Le brevet unitaire est un projet de la Commission européenne de création d'un titre de brevet unique pour 25 pays membres de l'UE, avec une juridiction unifiée qui serait seule responsable des litiges sur les questions de brevets. Si le principe d'un titre de brevet unique n'est pas problématique en lui-même, les conditions de sa mise en place sont source d'inquiétude pour l'April : le projet confie la gestion des brevets à l'Office européen des brevets, dont le lobbying en faveur des brevets logiciels est bien connu. De plus, la juridiction des brevets prévue serait composée exclusivement de juges "spécialisés" c'est-à-dire non pas des juges de métier mais à des acteurs du monde des brevets, donc issu du même microcosme, et sans qu'il puisse être fait appel à un tribunal judiciaire indépendant. En d'autres termes, une telle organisation reviendrait à faire qu'un petit groupe d'acteurs soit seul maître du droit des brevets, sans contrôle démocratique1.

De très nombreux acteurs se sont positionnés contre ce projet, dangereux tant pour l'innovation, les entreprises2, que pour le respect des équilibres démocratiques et des droits fondamentaux : entreprises, juristes, représentants de la société civile3 ont exprimé leurs inquiétudes.
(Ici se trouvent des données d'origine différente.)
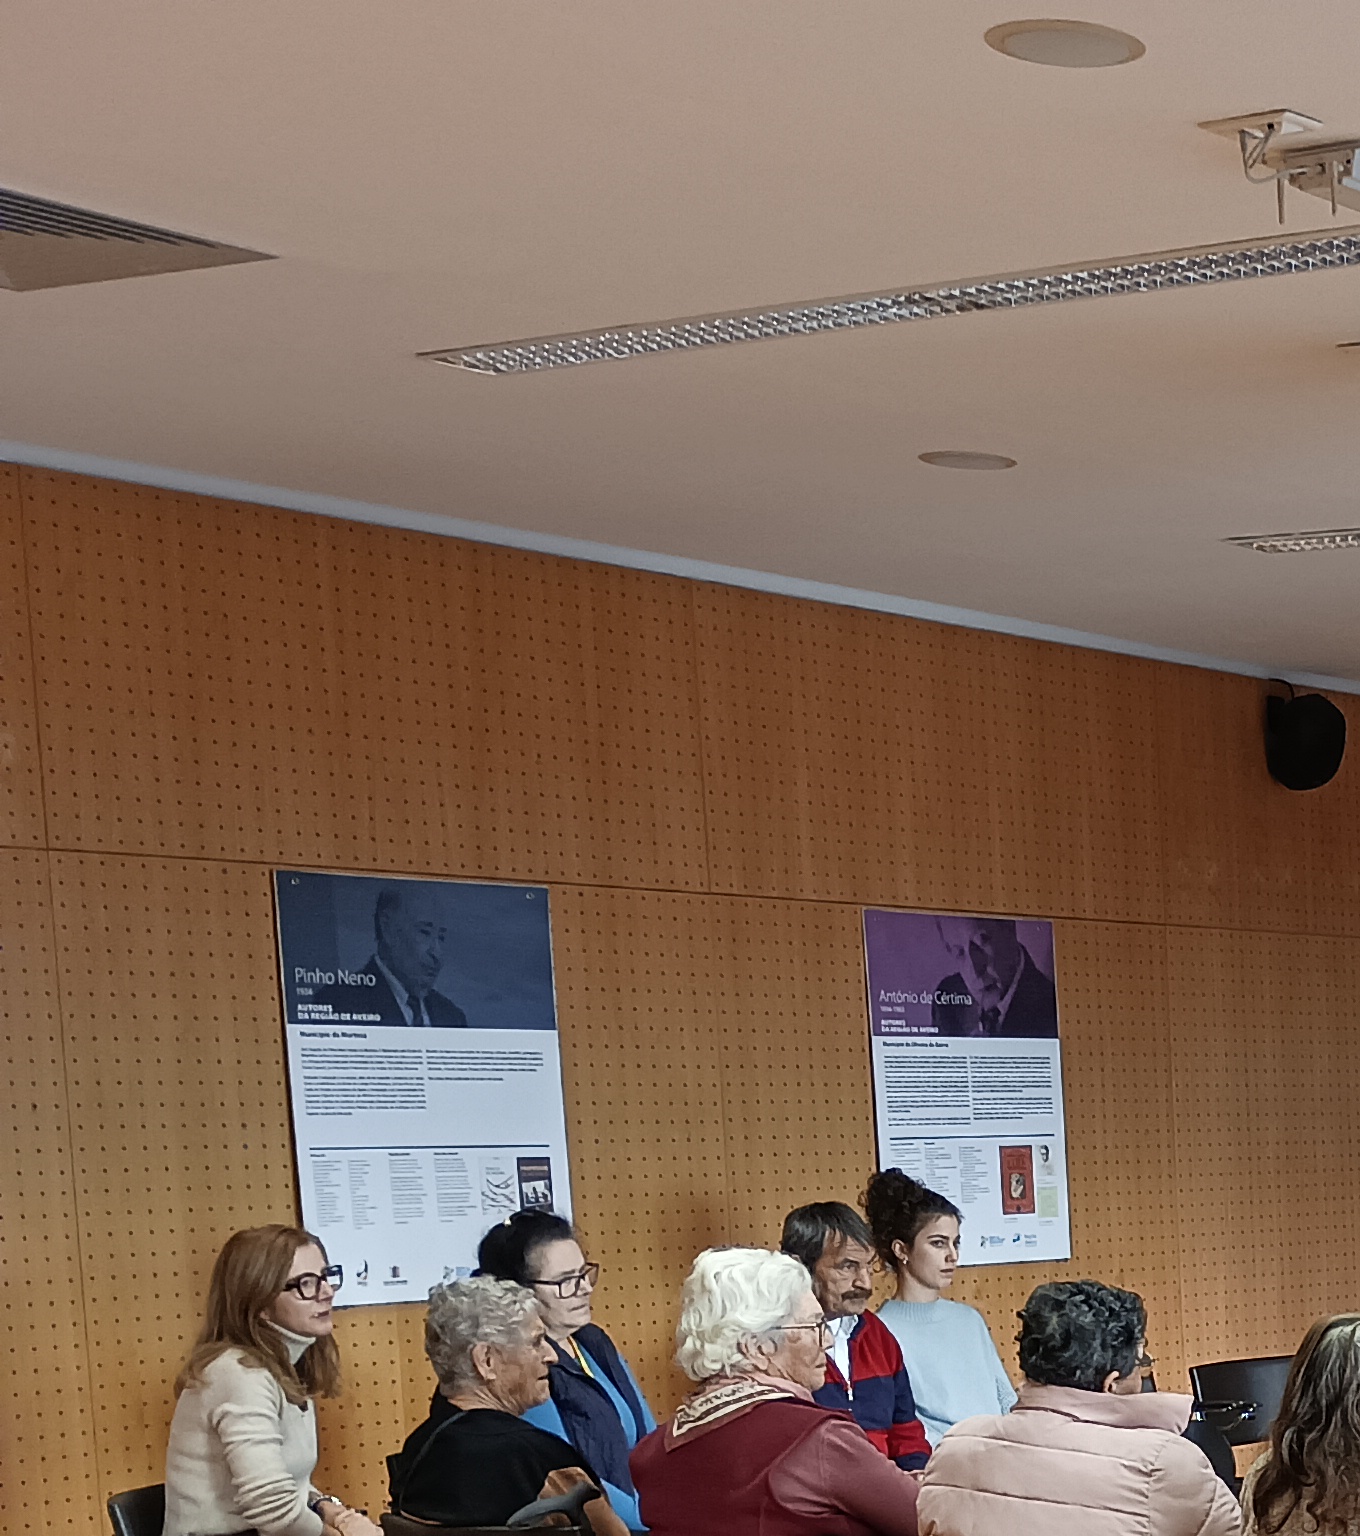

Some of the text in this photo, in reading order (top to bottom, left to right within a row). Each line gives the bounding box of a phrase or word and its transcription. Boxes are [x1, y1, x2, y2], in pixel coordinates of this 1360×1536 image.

[294, 966, 377, 986] Pinho Neno
[879, 989, 973, 1005] António de Cértima
Au Danemark, une coalition rassemblant des partis de gauche comme de droite a annoncé qu'elle refuserait un éventuel accord sur le brevet unitaire, ce qui exigerait du gouvernement danois qu'il organise un référendum avant toute adoption du texte4.

Concernant la position française, l'April a échangé sur le brevet unitaire avec des membres du cabinet de Fleur Pellerin, qui a confirmé les engagements pris dans sa réponse au questionnaire Candidats.fr contre les dangers du texte actuel. Suite à une note que nous leur avions envoyée, ils ont notamment garanti que la Ministre s'assurerait du respect de l'équilibre actuel et que le gouvernement continuerait de s'opposer aux pratiques actuelles de l'Office européen des brevets.

Difficile donc de prendre pour argent comptant les annoncées répétées de la Commission et de la présidence danoise du Conseil annonçant que le seul problème à régler reste la question du siège de la juridiction unifiée5, ignorant donc tous les questionnements et mis en garde de nombreux acteurs. Malheureusement, l'absence de transparence sur le projet empêche d'en savoir plus : ni les positions officielles des différents pays, ni les débats, ni les documents de travail ne sont publics, ce qui empêche toute analyse plus approfondies. L'April a donc demandé communication de ces différents documents et appelle à plus de transparence afin que chacun puisse être réellement informé sur le projet en vigueur.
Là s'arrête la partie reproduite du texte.